> **WHAT IS NEEDED**:
Copy out all the records, word for word.

> **MATERIAL PROVIDED**:
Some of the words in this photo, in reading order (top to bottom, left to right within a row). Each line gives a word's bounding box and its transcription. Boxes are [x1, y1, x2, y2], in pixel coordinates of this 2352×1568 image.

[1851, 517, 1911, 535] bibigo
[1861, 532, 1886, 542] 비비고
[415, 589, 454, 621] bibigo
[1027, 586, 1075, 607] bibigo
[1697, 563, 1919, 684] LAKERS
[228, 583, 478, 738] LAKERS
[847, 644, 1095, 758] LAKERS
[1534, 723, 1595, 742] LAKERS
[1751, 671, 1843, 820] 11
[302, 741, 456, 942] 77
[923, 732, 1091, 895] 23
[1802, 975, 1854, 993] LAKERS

> **WRITTEN ANSWER**:
Some of the words in this photo, in reading order (top to bottom, left to right within a row). Each line gives a word's bounding box and its transcription. Boxes are [x1, y1, x2, y2], in pixel coordinates of this 2352×1568 image.

[1851, 517, 1911, 535] bibigo
[1861, 532, 1886, 542] 비비고
[415, 589, 454, 621] bibigo
[1027, 586, 1075, 607] bibigo
[1697, 563, 1919, 684] LAKERS
[228, 583, 478, 738] LAKERS
[847, 644, 1095, 758] LAKERS
[1534, 723, 1595, 742] LAKERS
[1751, 671, 1843, 820] 11
[302, 741, 456, 942] 77
[923, 732, 1091, 895] 23
[1802, 975, 1854, 993] LAKERS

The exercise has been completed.